■ To do ■
Pictures are not part of the copy. Reproduce all the records exactly.

(Collected data)
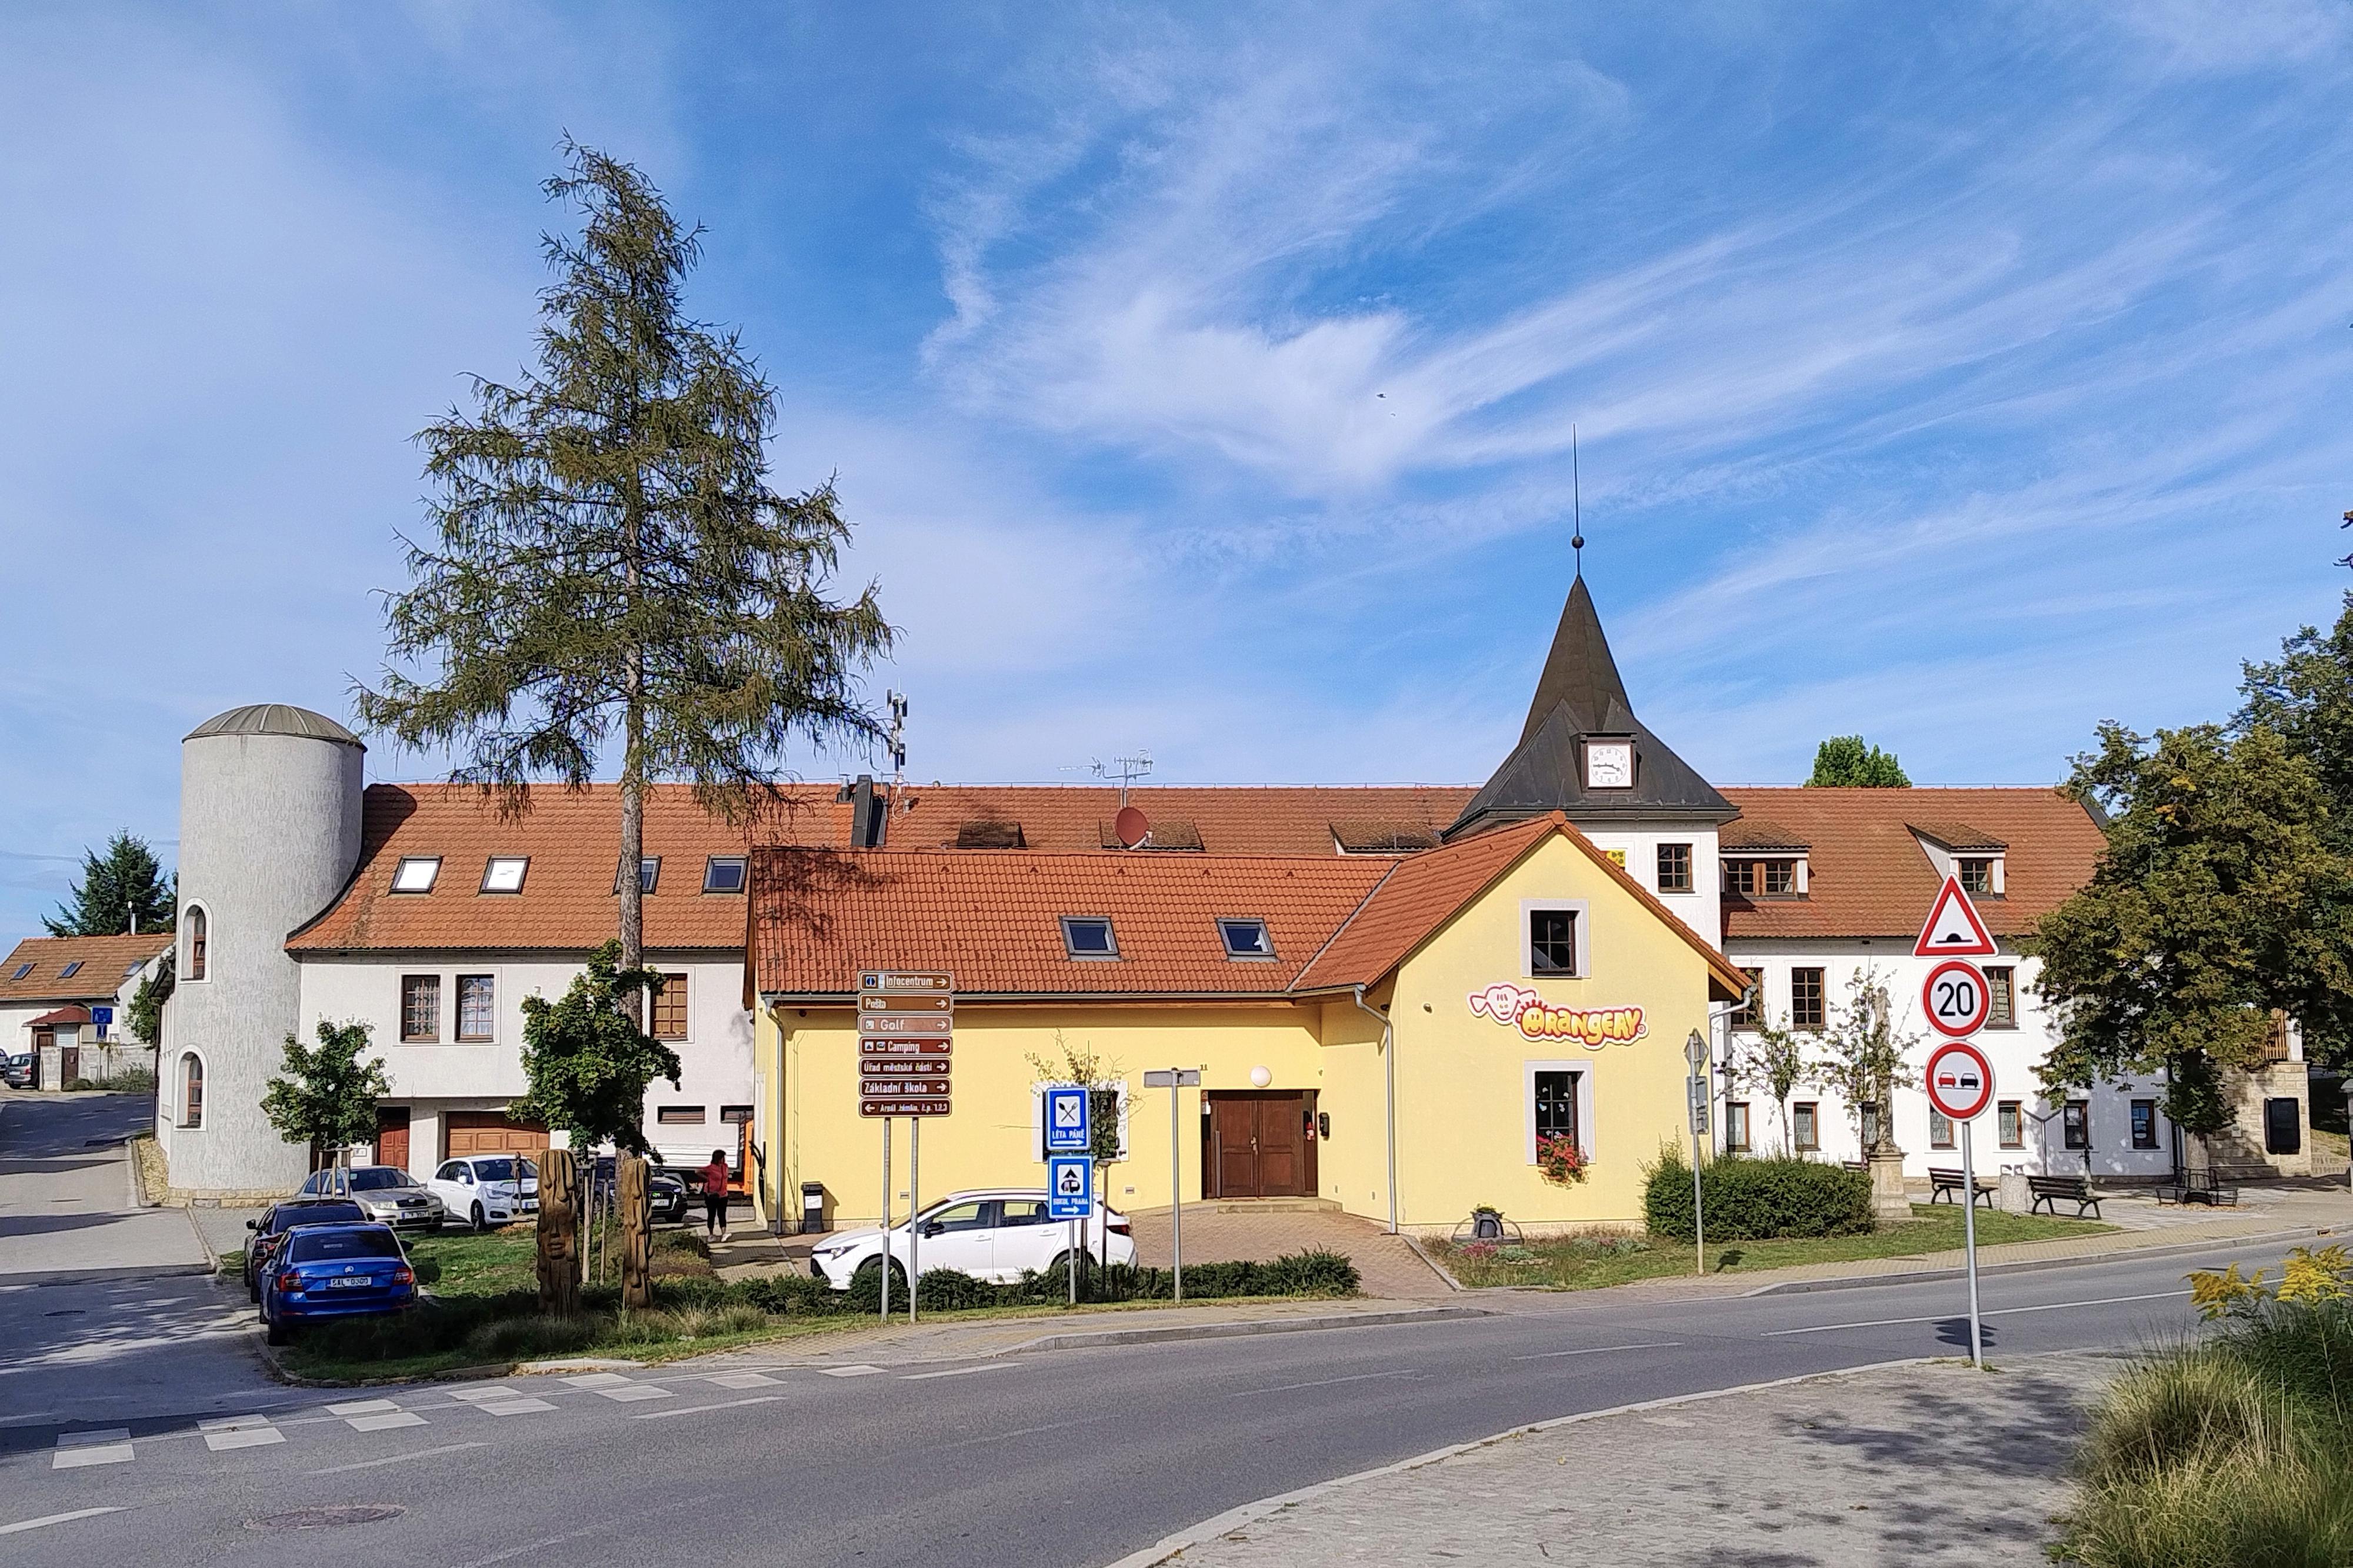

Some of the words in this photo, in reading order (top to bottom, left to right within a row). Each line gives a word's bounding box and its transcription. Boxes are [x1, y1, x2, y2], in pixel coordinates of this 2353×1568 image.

[886, 976, 934, 986] Infocentrum
[1938, 982, 1974, 1017] 20
[880, 1019, 905, 1030] Golf
[888, 1040, 920, 1054] Camping
[864, 1082, 902, 1093] Základní
[904, 1082, 927, 1093] škola

■ Answer space ■
Some of the words in this photo, in reading order (top to bottom, left to right within a row). Each line gives a word's bounding box and its transcription. Boxes are [x1, y1, x2, y2], in pixel coordinates of this 2353×1568 image.

[886, 976, 934, 986] Infocentrum
[1938, 982, 1974, 1017] 20
[880, 1019, 905, 1030] Golf
[888, 1040, 920, 1054] Camping
[864, 1082, 902, 1093] Základní
[904, 1082, 927, 1093] škola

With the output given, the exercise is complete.